How dangerous is the green tick to humans?

How dangerous is the green tick to humans? - briefly

The green tick (Ixodes scapularis) transmits Lyme disease, anaplasmosis, and babesiosis, representing a significant health threat when it remains attached for more than 36 hours. Immediate removal and preventive practices markedly lower infection risk.

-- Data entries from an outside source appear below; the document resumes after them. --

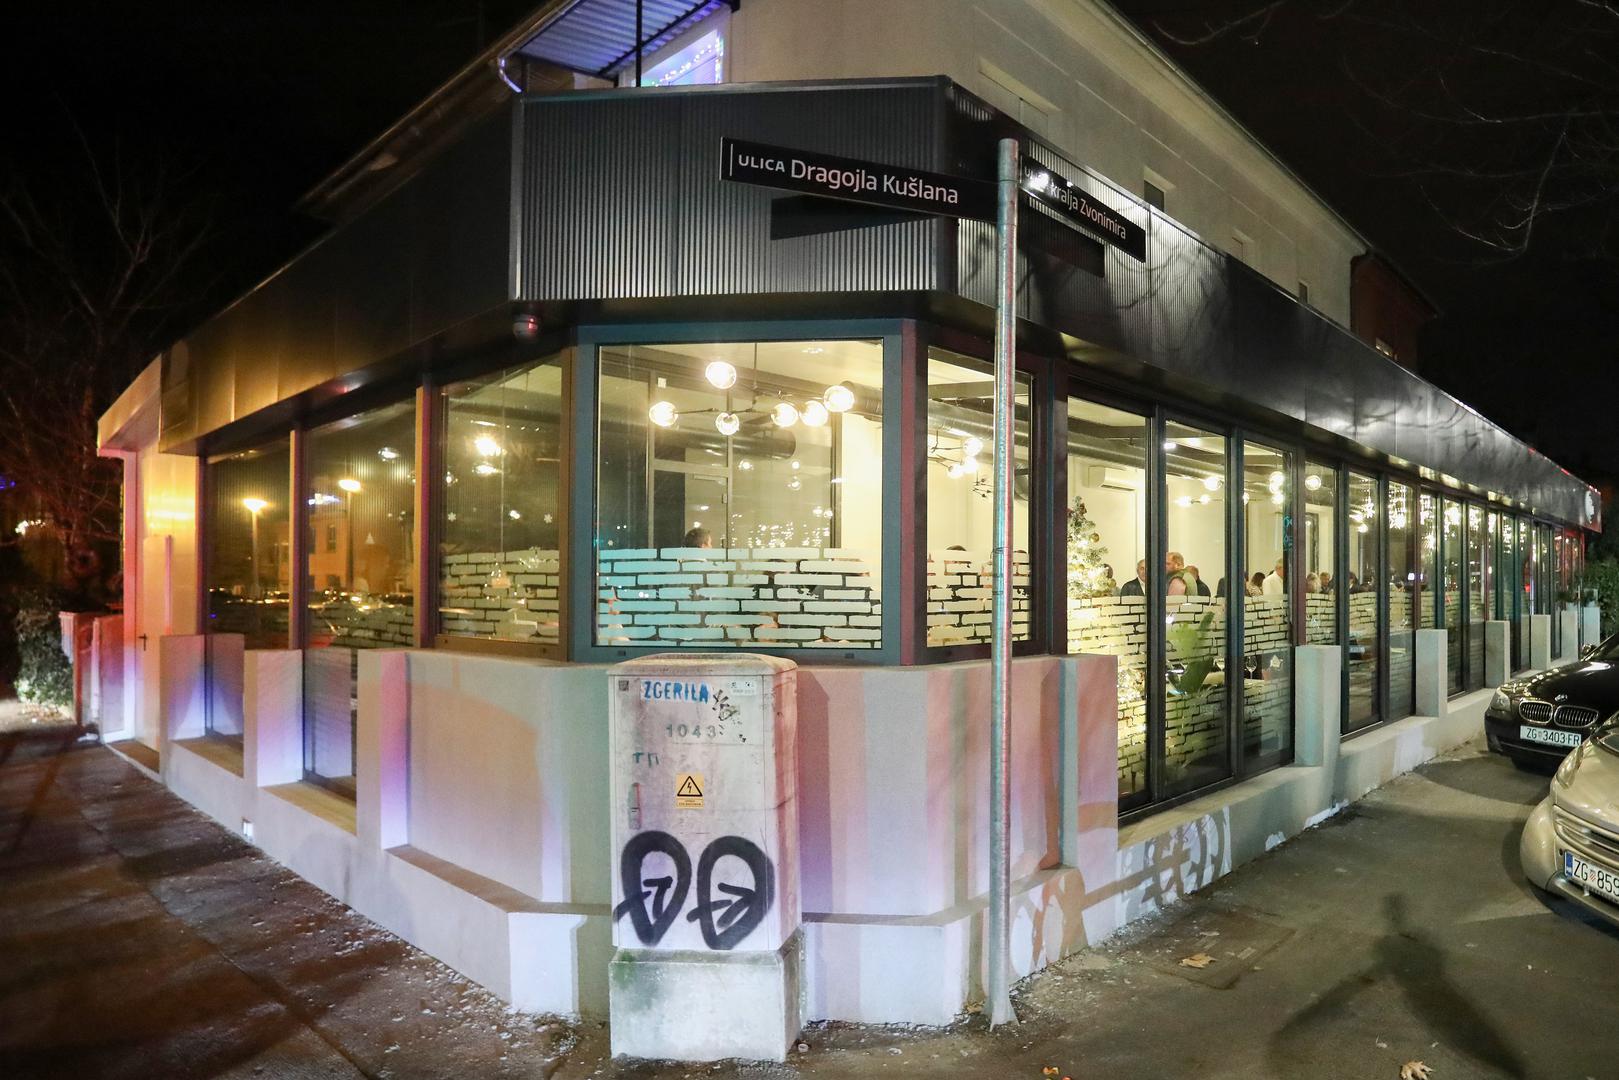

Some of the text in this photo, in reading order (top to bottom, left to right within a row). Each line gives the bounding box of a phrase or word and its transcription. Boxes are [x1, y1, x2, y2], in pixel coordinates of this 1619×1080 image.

[738, 154, 958, 203] ULICA Dragojla Kušlana
[1080, 198, 1126, 239] Zvonimira
[666, 724, 716, 738] 1043
[1526, 727, 1537, 739] ZG
[1574, 859, 1588, 881] ZG
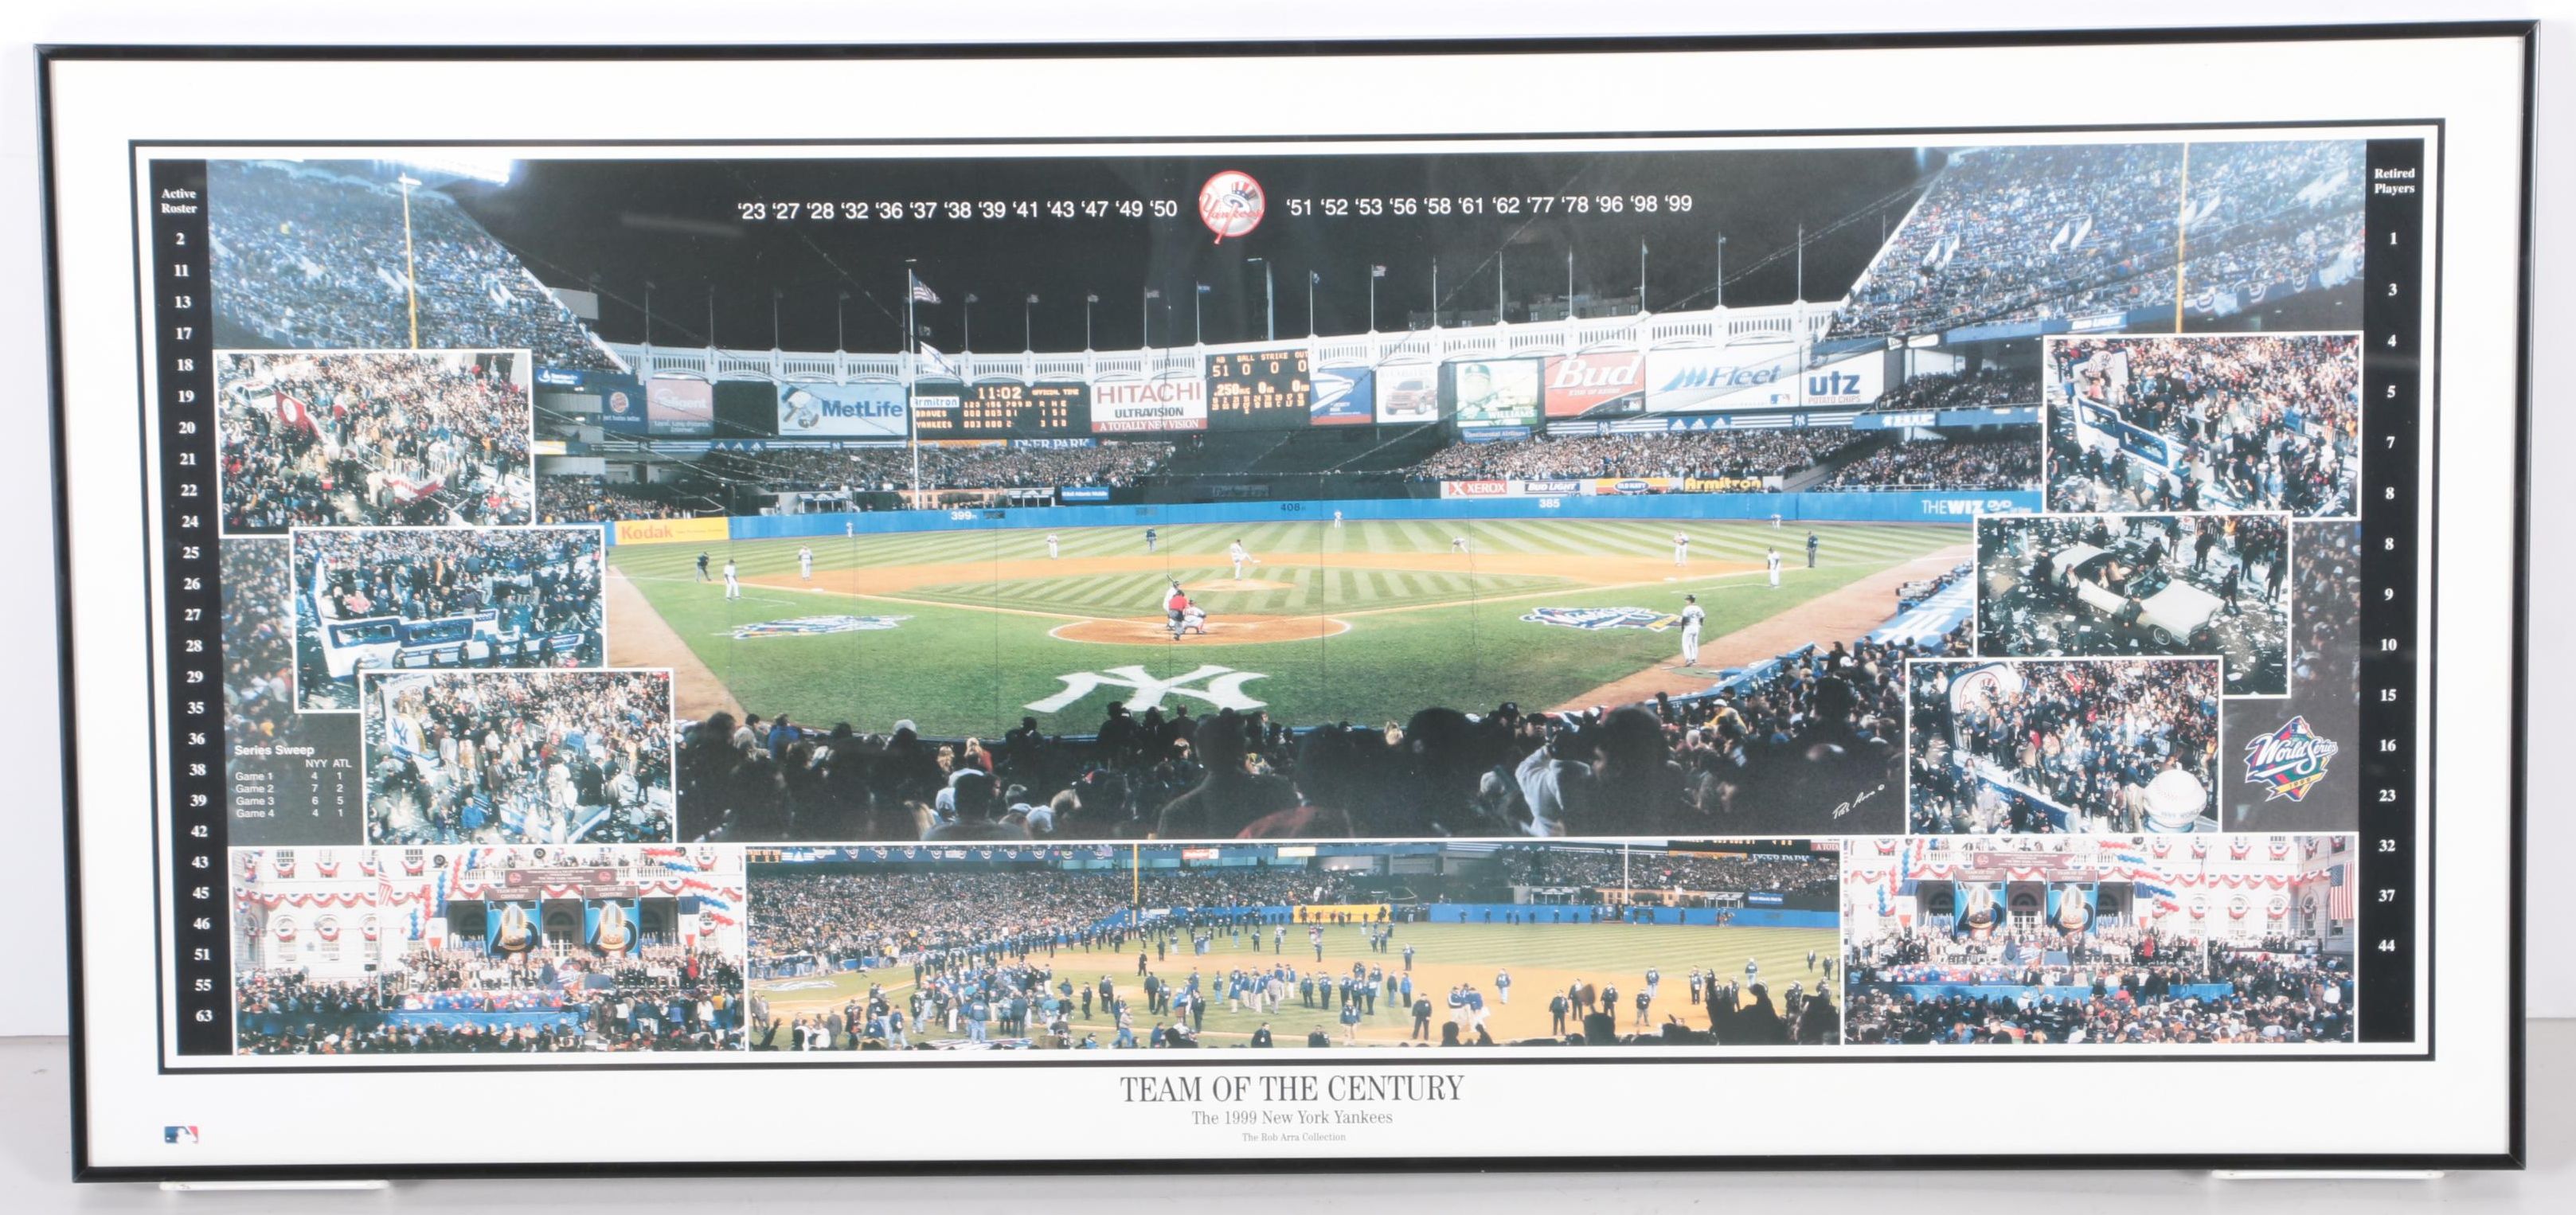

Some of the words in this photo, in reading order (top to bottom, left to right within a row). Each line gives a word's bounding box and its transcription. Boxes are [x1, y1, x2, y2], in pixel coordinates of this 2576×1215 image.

How dangerous is the green tick to humans? - in detail

The green tick (Ixodes ricinus) is a common ectoparasite in temperate Europe and parts of Asia. It attaches to skin for several days to complete a blood meal, during which it can transfer a range of pathogenic agents.

Pathogens transmitted

  • Borrelia burgdorferi complex – causative agent of Lyme disease; early symptoms include erythema migrans, fever, headache; untreated infection may progress to arthritis, neurologic deficits, or cardiac involvement.
  • Anaplasma phagocytophilum – causes human granulocytic anaplasmosis; presents with fever, chills, myalgia, leukopenia; antibiotic therapy is effective if started promptly.
  • Babesia divergens – responsible for babesiosis; hemolytic anemia and high fever may develop, especially in immunocompromised individuals.
  • Tick‑borne encephalitis virus – leads to biphasic flu‑like illness followed by meningitis or encephalitis; long‑term neurological sequelae occur in a minority of cases.
  • Rickettsia spp. – produce spotted fever; rash and fever are typical, with prompt doxycycline treatment preventing complications.

Incidence and severity

  • Annual bite reports range from 200 000 to 400 000 in Europe; infection rates vary by region, tick density, and host animal prevalence.
  • Approximately 10 % of bites result in pathogen transmission, depending on attachment duration (≥24 h for most bacteria, ≥48 h for viruses).
  • Mortality is low (<1 %); most severe outcomes arise from delayed diagnosis or underlying immunosuppression.

Risk factors

  • Outdoor activities in forested or grassland areas during spring and early summer.
  • Absence of protective clothing or repellents.
  • Presence of reservoir hosts (rodents, deer) that sustain pathogen cycles.
  • Age groups with reduced immune response (elderly, children) exhibit higher complication rates.

Prevention and management

  • Wear long sleeves, trousers, and tuck clothing to create a barrier.
  • Apply EPA‑approved repellents containing DEET, picaridin, or IR3535 to skin and clothing.
  • Perform systematic tick checks after exposure; remove attached ticks within 12 h using fine‑point tweezers, grasping close to the mouthparts and pulling upward with steady pressure.
  • Seek medical evaluation if a bite persists beyond 24 h, if a rash develops, or if systemic symptoms appear.
  • Prophylactic doxycycline (200 mg single dose) may be prescribed within 72 h of a confirmed bite in high‑risk areas for Lyme disease.

The green tick therefore poses a measurable health threat, primarily through bacterial and viral infections that can be mitigated by prompt removal, protective measures, and early therapeutic intervention.